A corrupção, ao contrário do que pensa a maioria, não está ligada somente aos interesses públicos ou privados de considerável monta. Na verdade podemos encontrá-la escondida nas atitudes mais ingênuas possíveis. O grande delito será, sempre, uma conseqüência dos menores que, na maioria das vezes, são praticados com algum ou total êxito. Por isso é importante esmerarmo-nos cada vez mais na condução de nossas atitudes a fim de evitarmos ou mantermos inertes os vírus corruptores instalados em nossos subconscientes. Não vejo a menor possibilidade de eliminá-los de vez, posto que isto exige do Criador a feitura de outra raça. Portanto, o processo de depuração é de nossa única e total responsabilidade.
A ladainha certamente não é nova, porém, deve ser repetida incessantemente para que possa ser absorvida senão pela fé ao menos pelo cansaço. A corrupção não é o único foco de dilapidação do Erário, no entanto, é o mais visível. Podemos dizer que a malversação, o desvio e o desperdício do dinheiro público montam valores extremamente mais vultosos. Contudo, sua percepção pela sociedade é mais diluída, porém, jamais poderá ser ignorada. Estes males precisam ser combatidos de maneira rígida, contínua, severa. Enquanto dispormos de mecanismos legais que abriguem engrenagens que girem de acordo com os interesses envolvidos não haverá esperanças de sequer minimizarmos as causas e conseqüências malignas destas práticas. Mesmo porque num possível processo de reeducação social que tende a ser longo e dilacerado constantemente pelos interesses e privilégios ameaçados, é fundamental fornecermos exemplos concretos de nossa intolerância com os salteadores do Erário. A demagogia do "vamos investigar, apurar e punir doa a quem doer" deve ser substituída por ações imediatas e eficientes para coibir toda e qualquer tentativa de surrupiar o dinheiro público e, ainda assim, uma vez subtraído a mão da lei deve abater-se sobre os delinqüentes pesando toneladas para esmagá-los definitivamente, no sentido figurado, é óbvio. Será um excelente lembrete aos larápios para uma reflexão antes que se pretenda desafiar a lei apropriando se, descaradamente, dos dinheiros públicos. Em nosso país, devido às manhas e artimanhas legais, não fica a sensação de impunidade, mas sim a certeza dela. Esse quadro precisa se reverter urgentemente sob de pena de, num futuro não muito distante, enfrentarmos uma degradação social irreversível, uma insolvência econômico-financeira já experimentada em outros povos que os levaram a ruína e/ou a extinção como nação.

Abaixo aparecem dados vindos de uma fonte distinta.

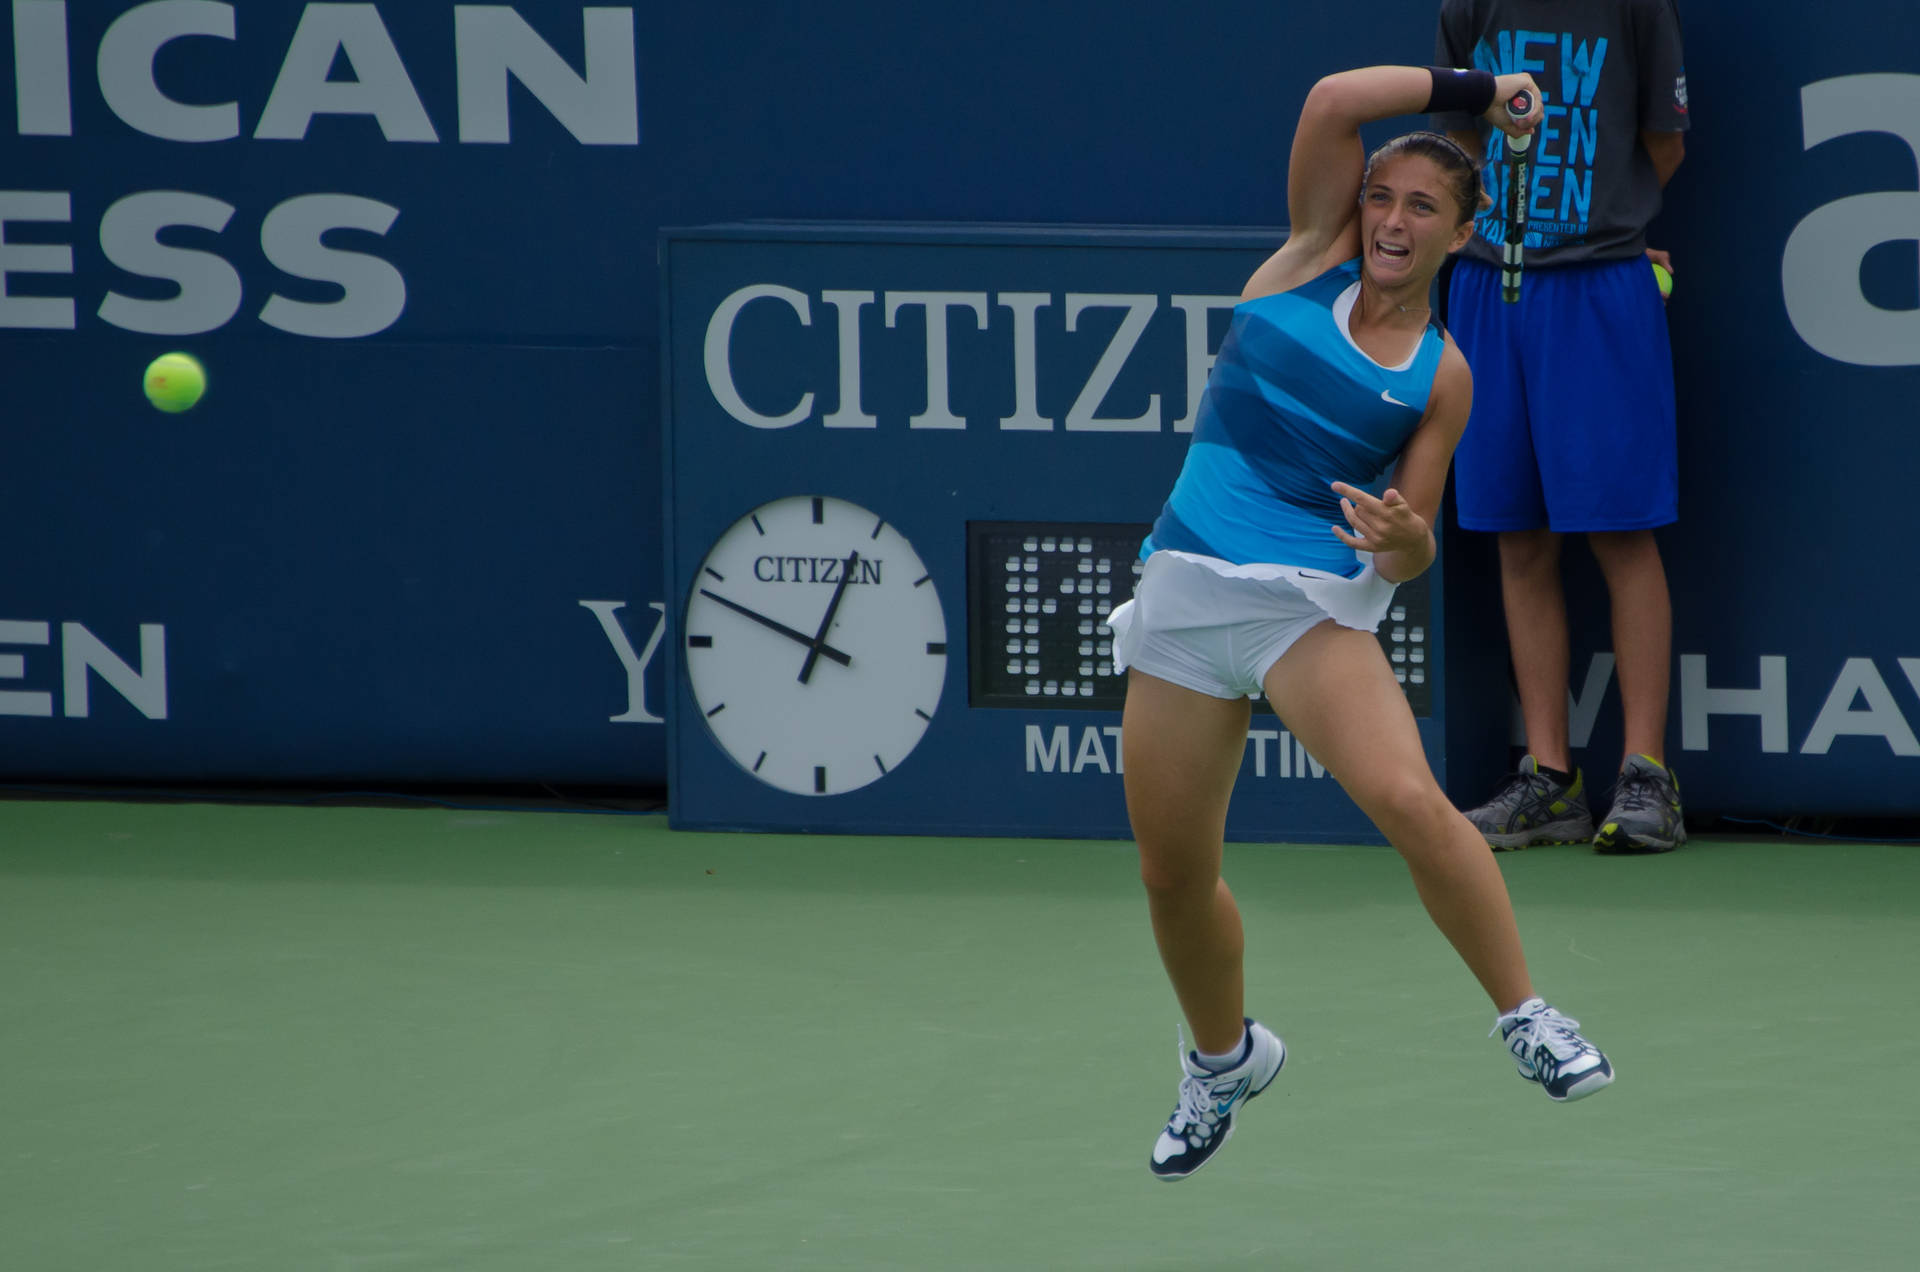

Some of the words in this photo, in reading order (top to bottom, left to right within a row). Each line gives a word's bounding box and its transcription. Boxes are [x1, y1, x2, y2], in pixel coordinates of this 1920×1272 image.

[13, 0, 639, 145] ICAN
[0, 190, 406, 338] ESS
[753, 555, 883, 585] CITIZEN
[1680, 653, 1920, 757] HA
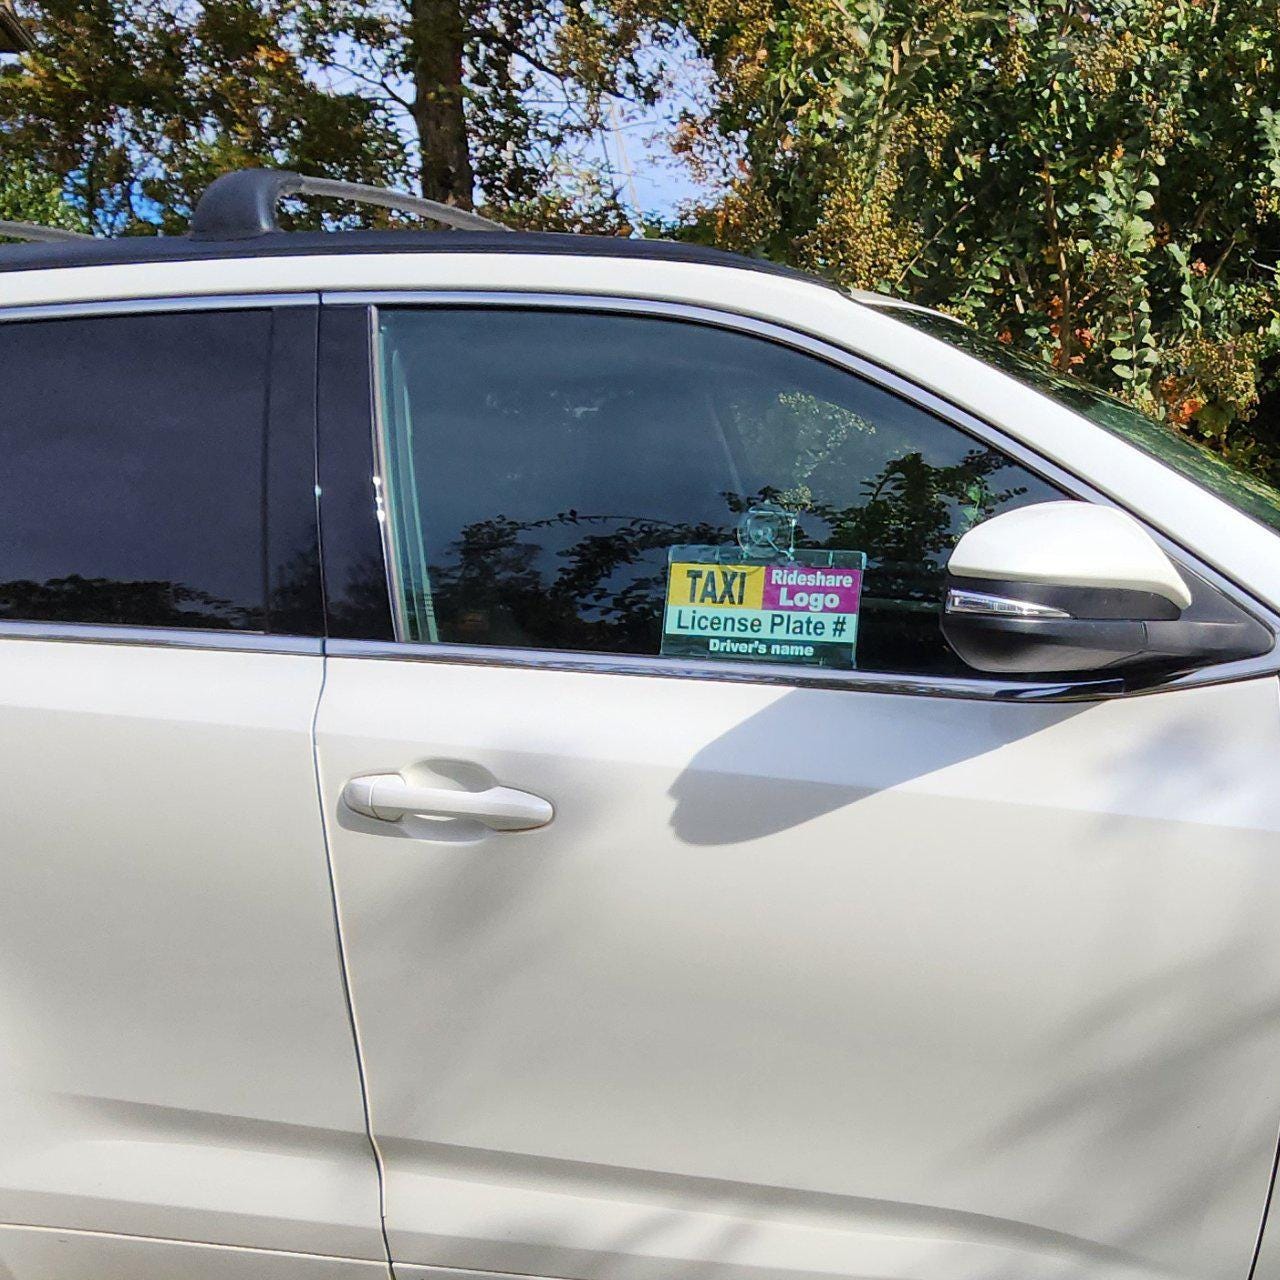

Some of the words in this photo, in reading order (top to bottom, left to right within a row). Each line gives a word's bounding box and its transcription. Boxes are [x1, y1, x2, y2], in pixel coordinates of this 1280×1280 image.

Portanto, longe de ser alarmista, os fatos que ai estão projetam tal desenlace. A corrupção, a malversação, o desvio, o desperdício, a fraude ferem as instituições, apequena os homens e penalizam covardemente as camadas menos favorecidas da sociedade que se ressentem desses recursos nos serviços a ela devidos pelo Estado e, ao mesmo tempo, inibe suas iniciativas para a adoção de uma política de desenvolvimento econômico plena.
Não podemos, e não devemos ser meros espectadores dos descalabros levados a efeito por aqueles que, incumbidos de arrecadar e aplicar o dinheiro público, dele dispõe como se lhe pertencesse ou, exatamente o contrário, pois, caso deles o fosse não agiriam como perdulários ou ladrões do próprio bolso. Devemos manifestar nosso repúdio a todo e qualquer ato ilícito perpetrado contra o Erário e nenhuma complacência para com o agente que o pratica. Essas pessoas costumam passar incólumes pela justiça devido às manhas e artimanhas legais que, ao que parece, foram concebidas exatamente para isso. As pessoas costumam acreditar ou as fizeram acreditar que o voto pode ser a redenção de todos os males que as aflige. Pura propaganda enganosa. O voto é um poderoso instrumento no regime democrático, sem dúvida, porém, da maneira como sempre foi manipulado no Brasil não passa de um cheque em branco que a sociedade, constituída de uma parte astuta, uma ignorante, outra incauta, outra tanta apática assina ou é induzida a fazê-lo na vasta maioria das vezes. E não precisamos citar exemplos notórios disso. Nossos problemas, definitivamente, não serão resolvidos com o voto depositado nas urnas para uma classe política que não nos merece qualquer apreço, salvo algumas exeções. O Estado brasileiro ainda está apoiado nos valores há muito abandonados pela maioria dos povos e qualquer reforma que se possa pleitear ou tentar por em prática certamente encontrará exacerbadas resistências por essa minoria feudal que detém o poder e as riquezas nacionais. Finalizando posso dizer que o voto, puro e simples, não há de transformar coisa alguma. Somente a sociedade tem esse poder e esta força cabendo-lhe decidir seu futuro.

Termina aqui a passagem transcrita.